Dataset records:
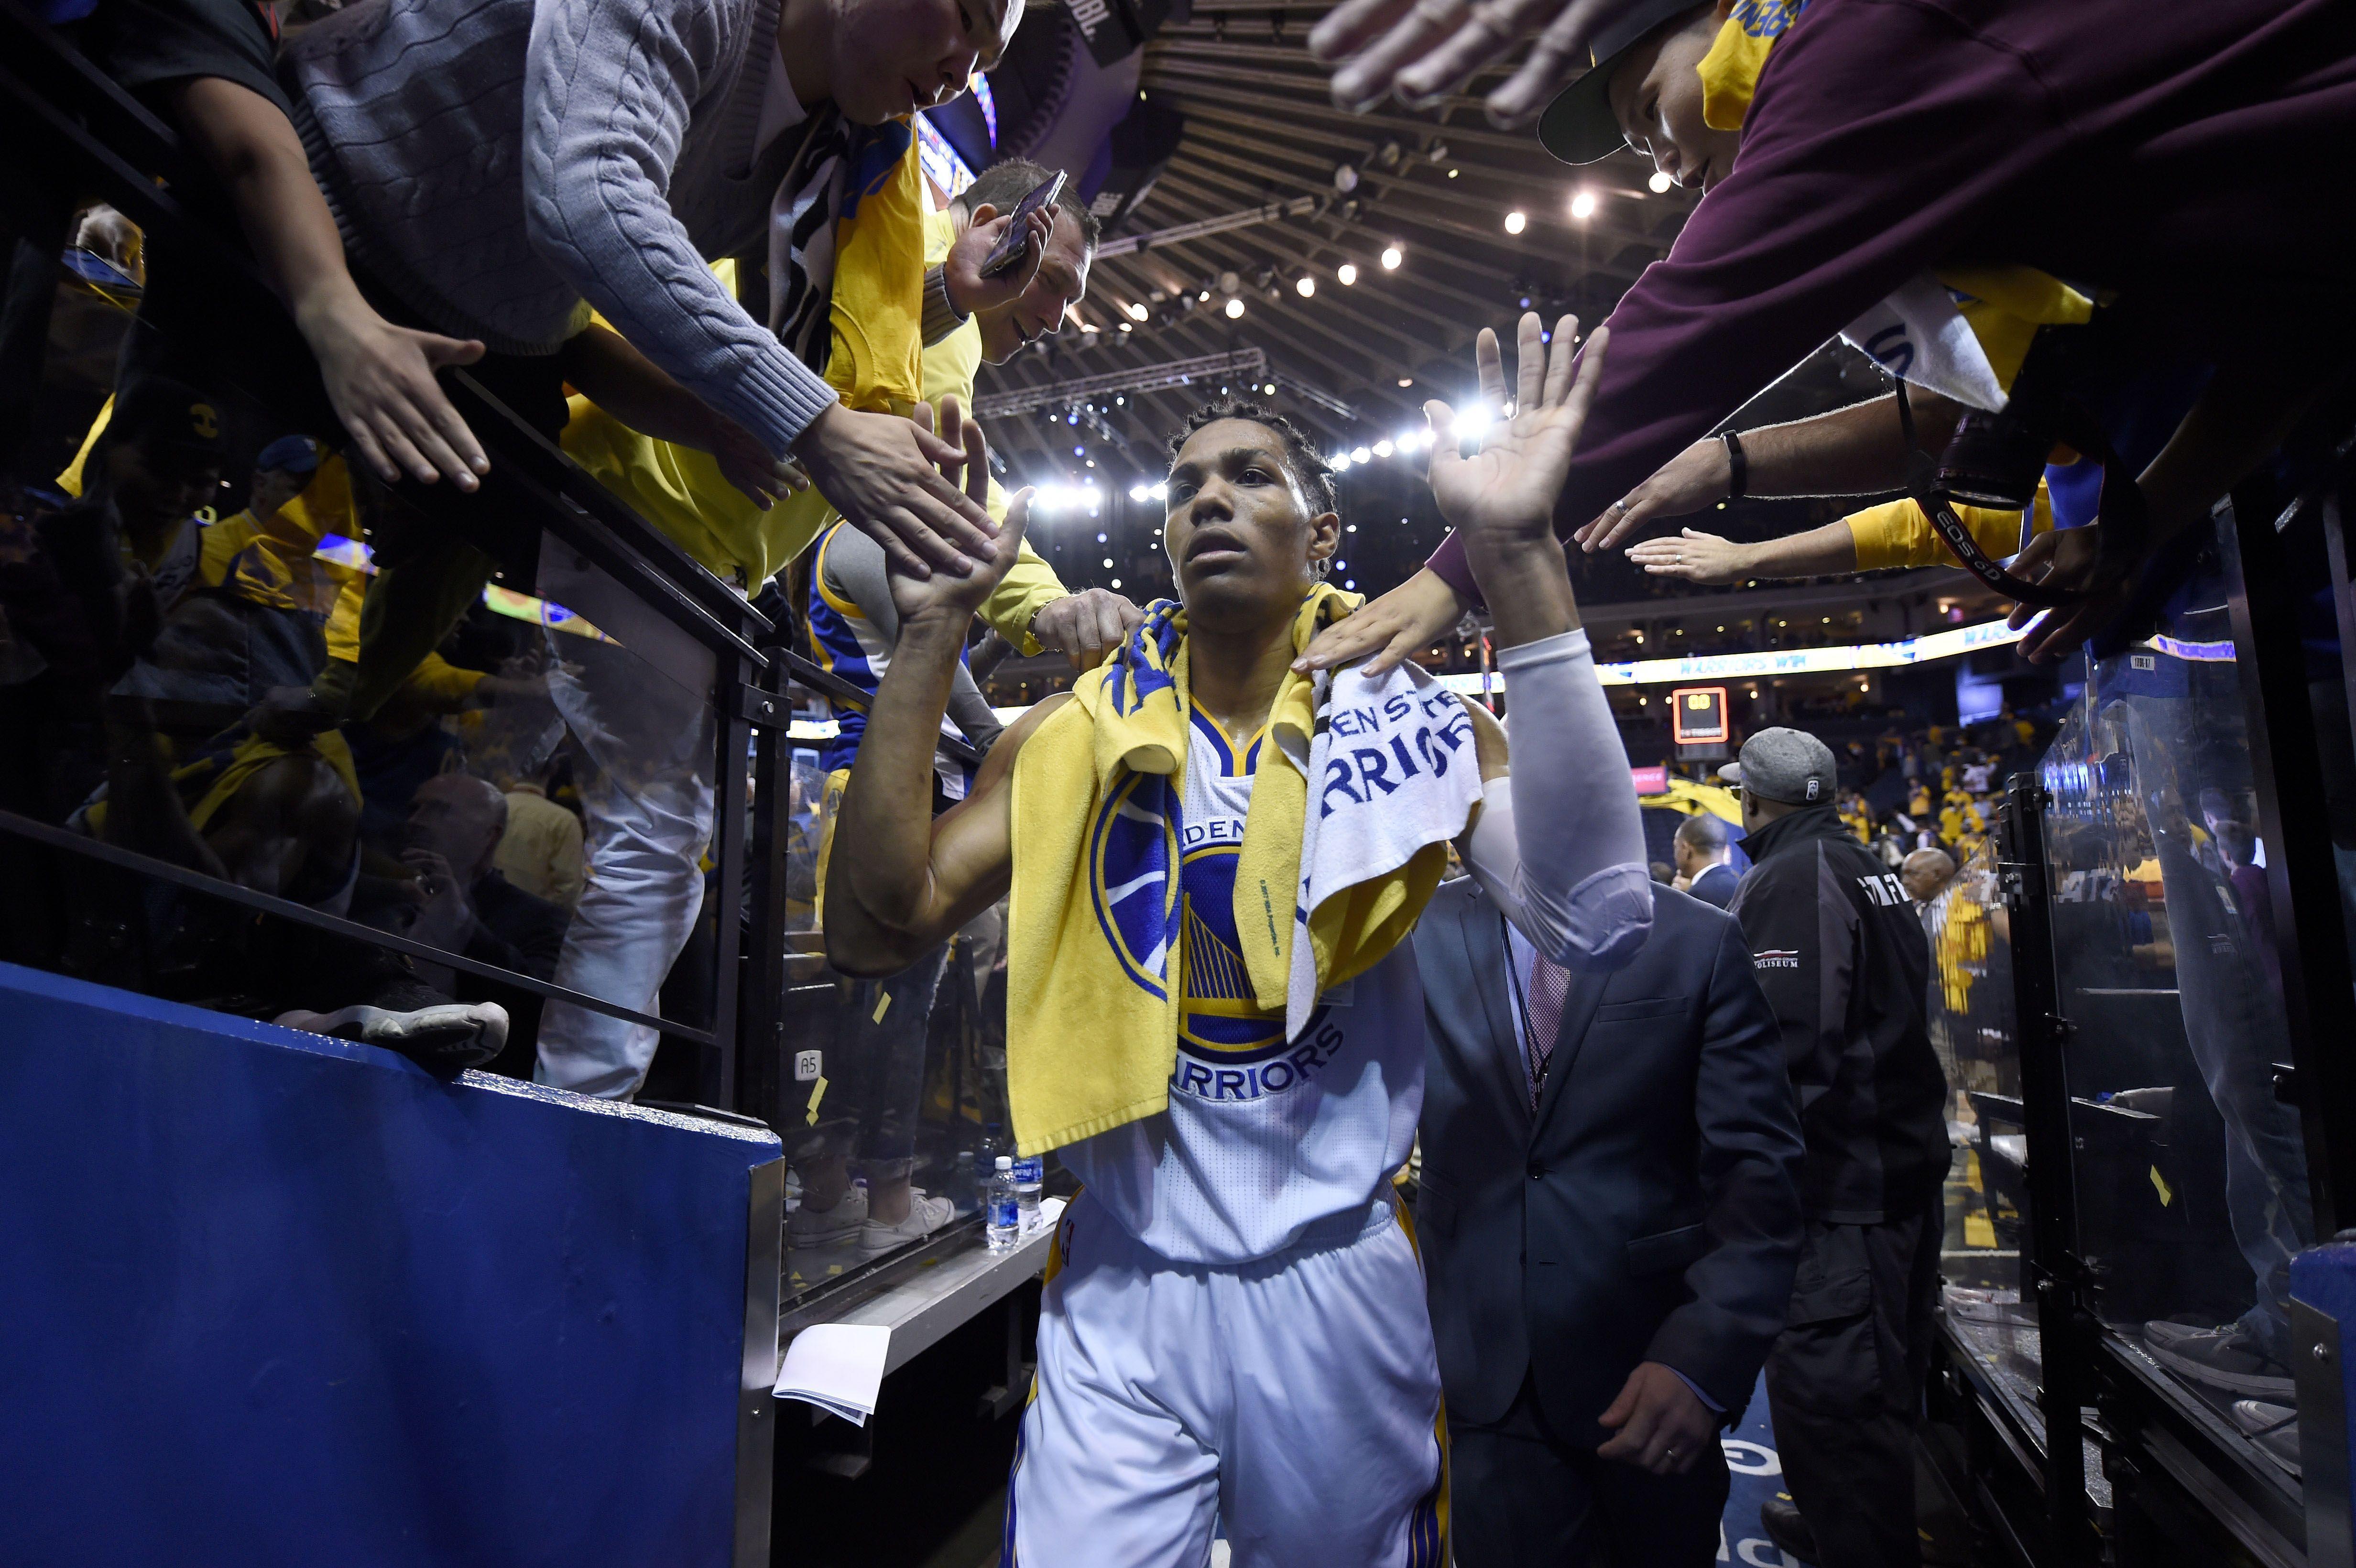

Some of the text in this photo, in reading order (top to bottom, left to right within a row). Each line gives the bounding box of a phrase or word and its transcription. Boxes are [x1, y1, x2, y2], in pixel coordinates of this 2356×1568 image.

[1937, 511, 2000, 580] EOS 6D
[1680, 657, 1767, 674] WARRIORS
[1183, 820, 1244, 845] DEN
[801, 1057, 816, 1074] A5
[1175, 1023, 1344, 1100] RRIORS
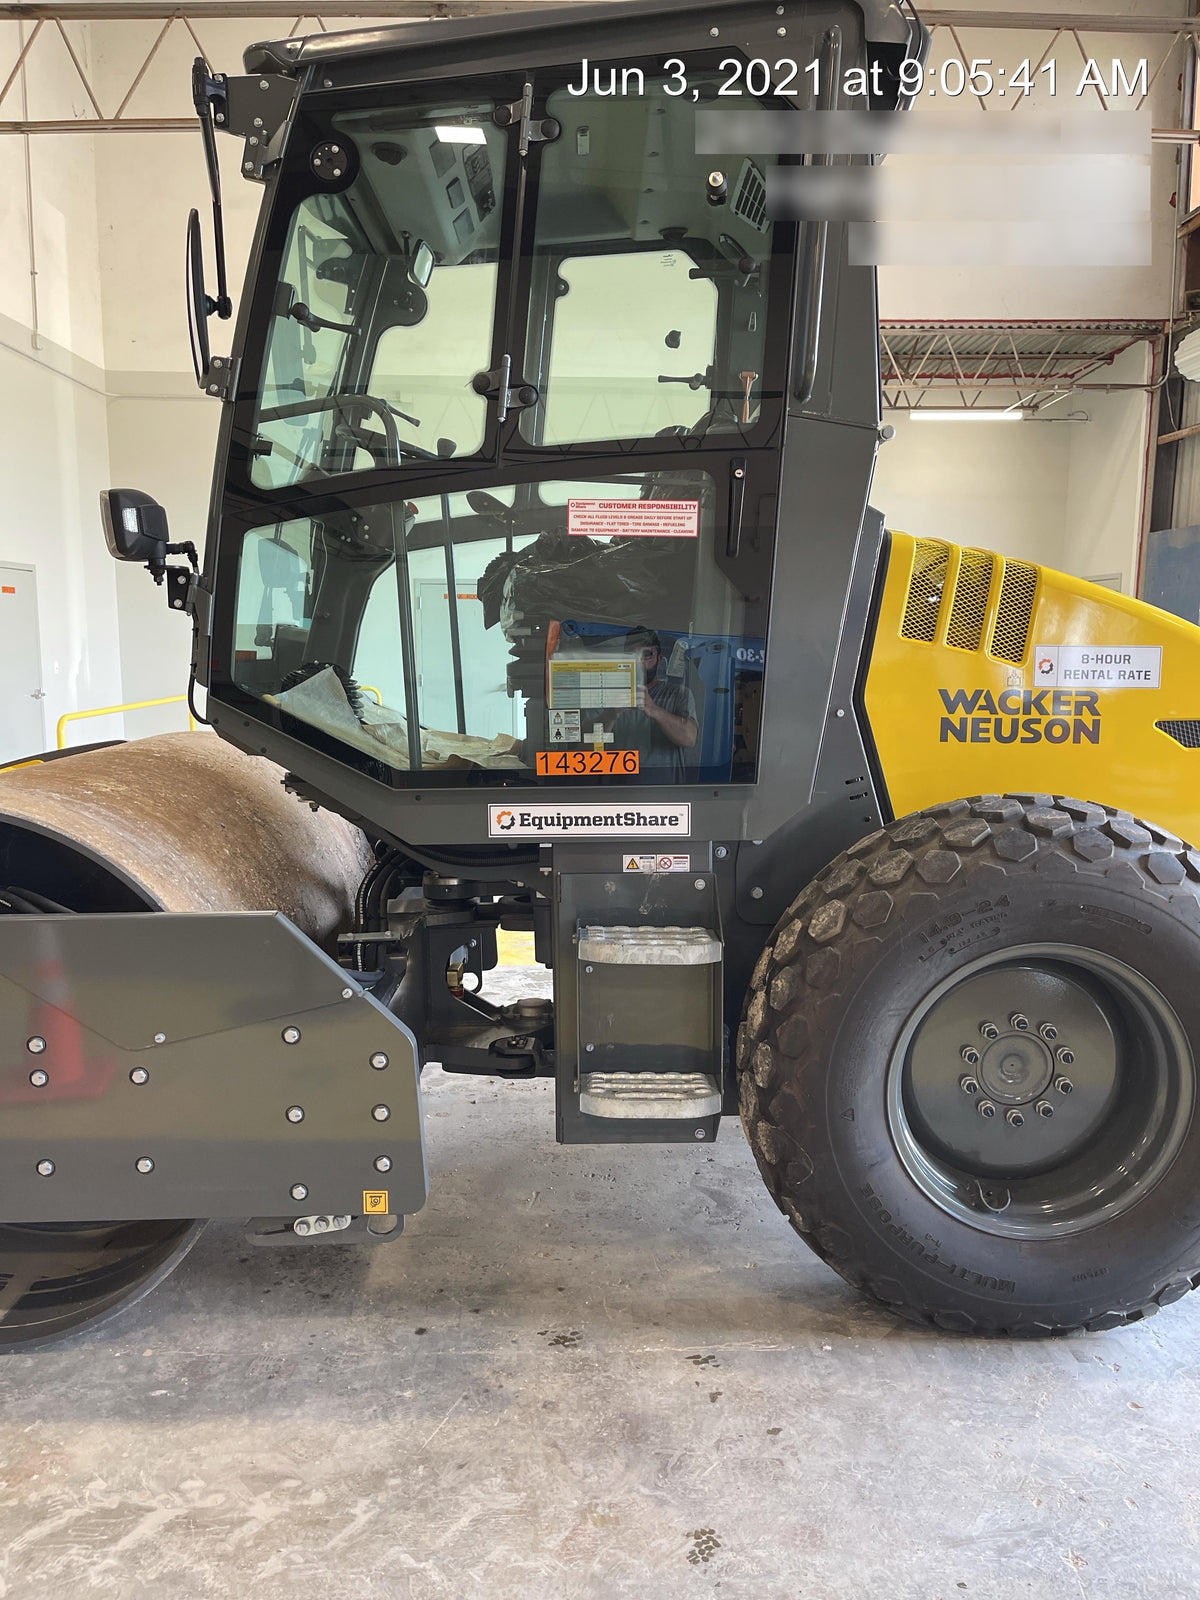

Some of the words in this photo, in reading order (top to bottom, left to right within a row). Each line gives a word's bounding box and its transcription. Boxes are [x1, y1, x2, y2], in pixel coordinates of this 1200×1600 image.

[1081, 653, 1132, 665] 8-HOUR
[1063, 669, 1114, 681] RENTAL
[1117, 669, 1152, 681] RATE
[938, 688, 1102, 717] WACKER
[939, 717, 1101, 745] NEUSON
[539, 751, 637, 775] 143276
[519, 812, 680, 831] EquipmentShare

Problem: Return all the material exactly, skipping pictures.

Response for this exercise:
Some of the text in this photo, in reading order (top to bottom, left to right within a row). Each line gives the bounding box of a phrase or word and its transcription. Boxes are [x1, y1, x2, y2], in pixel coordinates of this 2356×1568 image.

[1937, 511, 2000, 580] EOS 6D
[1680, 657, 1767, 674] WARRIORS
[1183, 820, 1244, 845] DEN
[801, 1057, 816, 1074] A5
[1175, 1023, 1344, 1100] RRIORS

Some of the words in this photo, in reading order (top to bottom, left to right within a row). Each line gives a word's bounding box and its transcription. Boxes are [x1, y1, x2, y2], in pixel coordinates of this 1200×1600 image.

[1081, 653, 1132, 665] 8-HOUR
[1063, 669, 1114, 681] RENTAL
[1117, 669, 1152, 681] RATE
[938, 688, 1102, 717] WACKER
[939, 717, 1101, 745] NEUSON
[539, 751, 637, 775] 143276
[519, 812, 680, 831] EquipmentShare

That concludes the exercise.